The Grey Chronicles

2009.July.31

Happy Filipinos, Part I



Early this month, this year, TV and press reporters highlighted in their respective telecasts and articles that Filipinos are among the top ranked as the happiest people in this world. The following post traces the Filipinos’ happiness through 2005 to the present.

SWS Happiness for Life, July 1991 to June 2004In the Philippines, Social Weather Stations [SWS] conducted the World Values Survey [WVS] beginning July 9-27, 2001. The World Values Surveys analyze how changes in values and attitudes worldwide shape and through time, re-shape economic, political, and social life. It can be gleaned from the SWS surveys, see figure, that from 1991 to 2004, 80% of Filipinos have consistently claimed their happiness with life. In the 2001 World Values Survey, although 88% of Filipinos are Very Happy or Fairly Happy, the Philippines ranked 31st only slightly above the international average, 80%. SWS (2005) observed:

“The June 2004 proportion of happy Filipinos (79%) was the lowest since happiness reached a record low in March 2000. The question was first implemented in July 1991 and recorded the highest percentage of happy Filipinos in April 1996, the first WVS round conducted by SWS, where 92% said they were Very and Fairly Happy. Since then, the number of happy Filipinos fluctuated, until September 2001 when it started to decline slightly.”

Teodoro Benigno (Philippine Star, 2003) earlier asked: “Are they really happy?”

“… Filipinos are happy. They are resilient. They sing when they should weep. They make do with the little they have. They are presumably the smilingest people on earth. Watch them even in the slums. They warble and they dance and they play. And even in their rags, they are happier than the rich, wealthy and powerful Pinoys who inhabit suburbia, the exclusive, gated residences where they are walled off from the rest of the world. Where wine glasses tinkle, and clapped hands bring out dozens of domestic servants who do their every bidding. Venga!”

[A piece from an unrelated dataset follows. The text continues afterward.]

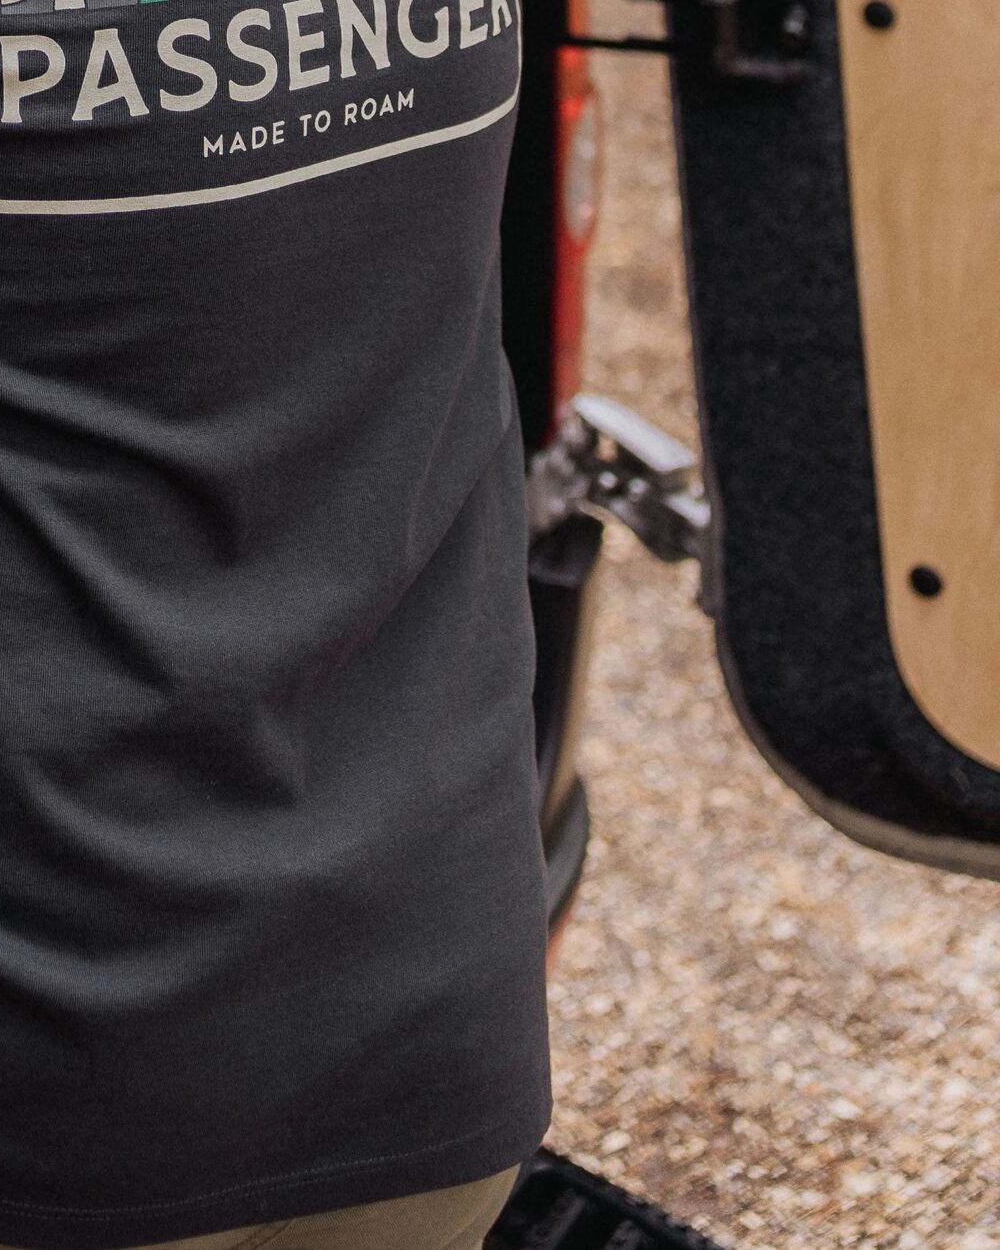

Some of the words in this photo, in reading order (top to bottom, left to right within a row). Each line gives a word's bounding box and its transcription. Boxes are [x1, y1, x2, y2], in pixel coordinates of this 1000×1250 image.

[203, 120, 286, 158] MADE
[299, 110, 331, 137] TO
[344, 88, 415, 125] ROAM

On 25 February 2005, the Office of the Press Secretary (2005) declared that “Filipinos are the happiest among Asians, and one among the happiest people in the world despite the many problems they have to face everyday.” This was later debunked by the same SWS (2005) article mentioned above, as “Using only the Very Happy responses, Philippines ranked 19th with 38%, second in Southeast Asia to Vietnam (49%)”.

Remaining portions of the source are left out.